Keep every word of the listing and reproduce it exactly, but set aside any image found there.

++++++++++

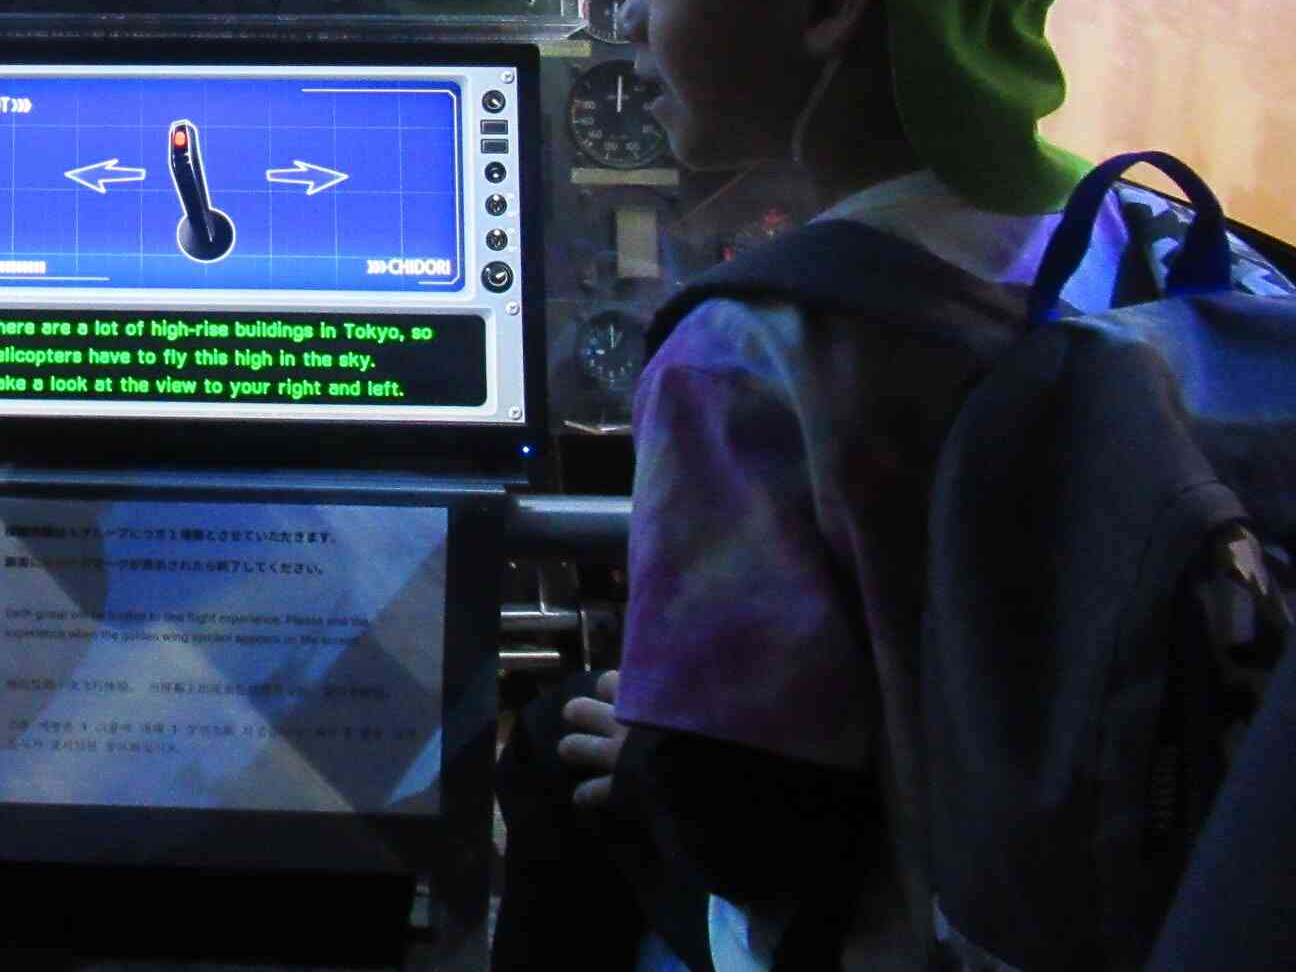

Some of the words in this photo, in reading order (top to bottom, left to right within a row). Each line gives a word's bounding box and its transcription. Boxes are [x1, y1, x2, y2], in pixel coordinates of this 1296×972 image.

[41, 322, 71, 335] are
[76, 323, 88, 335] a
[94, 320, 118, 336] lot
[125, 320, 144, 336] of
[151, 319, 229, 341] high-rise
[234, 321, 314, 342] buildings
[320, 323, 337, 338] in
[344, 323, 405, 344] Tokyo,
[411, 327, 433, 340] so
[88, 348, 131, 364] have
[137, 350, 156, 364] to
[163, 349, 187, 369] fly
[194, 348, 228, 366] this
[235, 349, 273, 370] high
[280, 350, 296, 366] in
[303, 351, 333, 367] the
[339, 352, 375, 372] sky.
[32, 378, 44, 391] a
[50, 376, 88, 392] look
[94, 378, 112, 392] at
[120, 377, 149, 393] the
[156, 376, 197, 393] view
[204, 379, 223, 394] to
[230, 381, 271, 398] your
[278, 379, 321, 400] right
[328, 381, 361, 396] and
[368, 381, 404, 396] left.
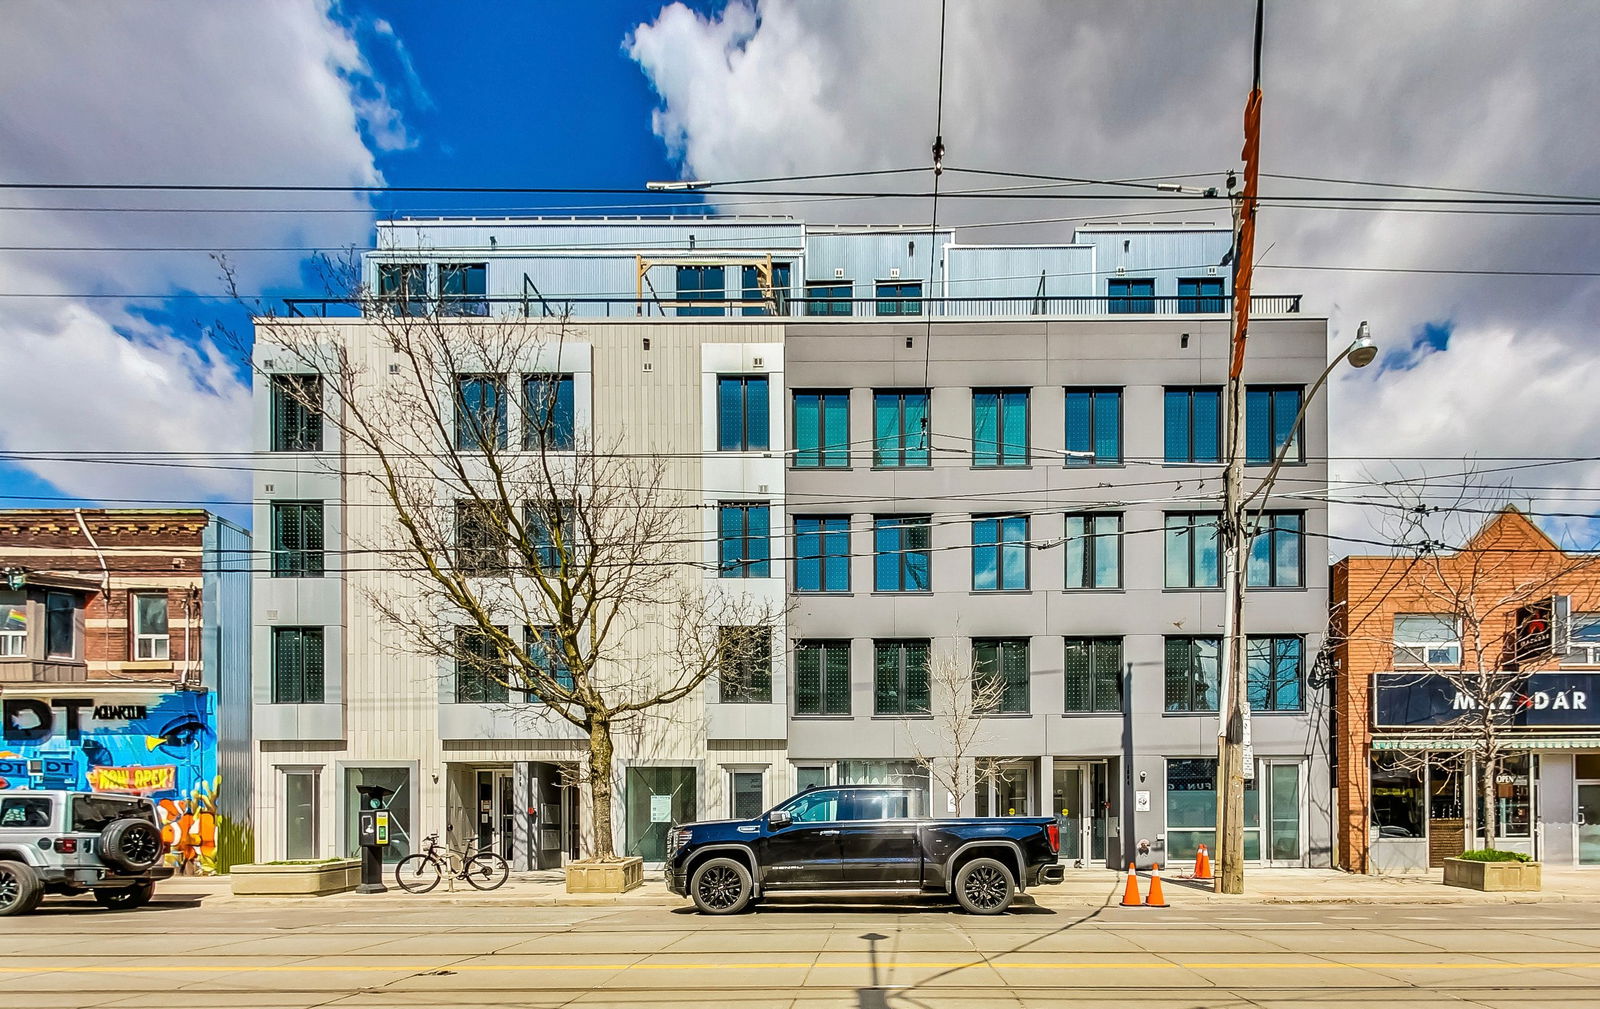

++++++++++

- _Result_:
Some of the words in this photo, in reading order (top to bottom, left to right within a row). Each line gives a word's bounding box and its transcription. Boxes are [x1, y1, x2, y2], in pixel coordinates of this 1296×972 image.

[41, 322, 71, 335] are
[76, 323, 88, 335] a
[94, 320, 118, 336] lot
[125, 320, 144, 336] of
[151, 319, 229, 341] high-rise
[234, 321, 314, 342] buildings
[320, 323, 337, 338] in
[344, 323, 405, 344] Tokyo,
[411, 327, 433, 340] so
[88, 348, 131, 364] have
[137, 350, 156, 364] to
[163, 349, 187, 369] fly
[194, 348, 228, 366] this
[235, 349, 273, 370] high
[280, 350, 296, 366] in
[303, 351, 333, 367] the
[339, 352, 375, 372] sky.
[32, 378, 44, 391] a
[50, 376, 88, 392] look
[94, 378, 112, 392] at
[120, 377, 149, 393] the
[156, 376, 197, 393] view
[204, 379, 223, 394] to
[230, 381, 271, 398] your
[278, 379, 321, 400] right
[328, 381, 361, 396] and
[368, 381, 404, 396] left.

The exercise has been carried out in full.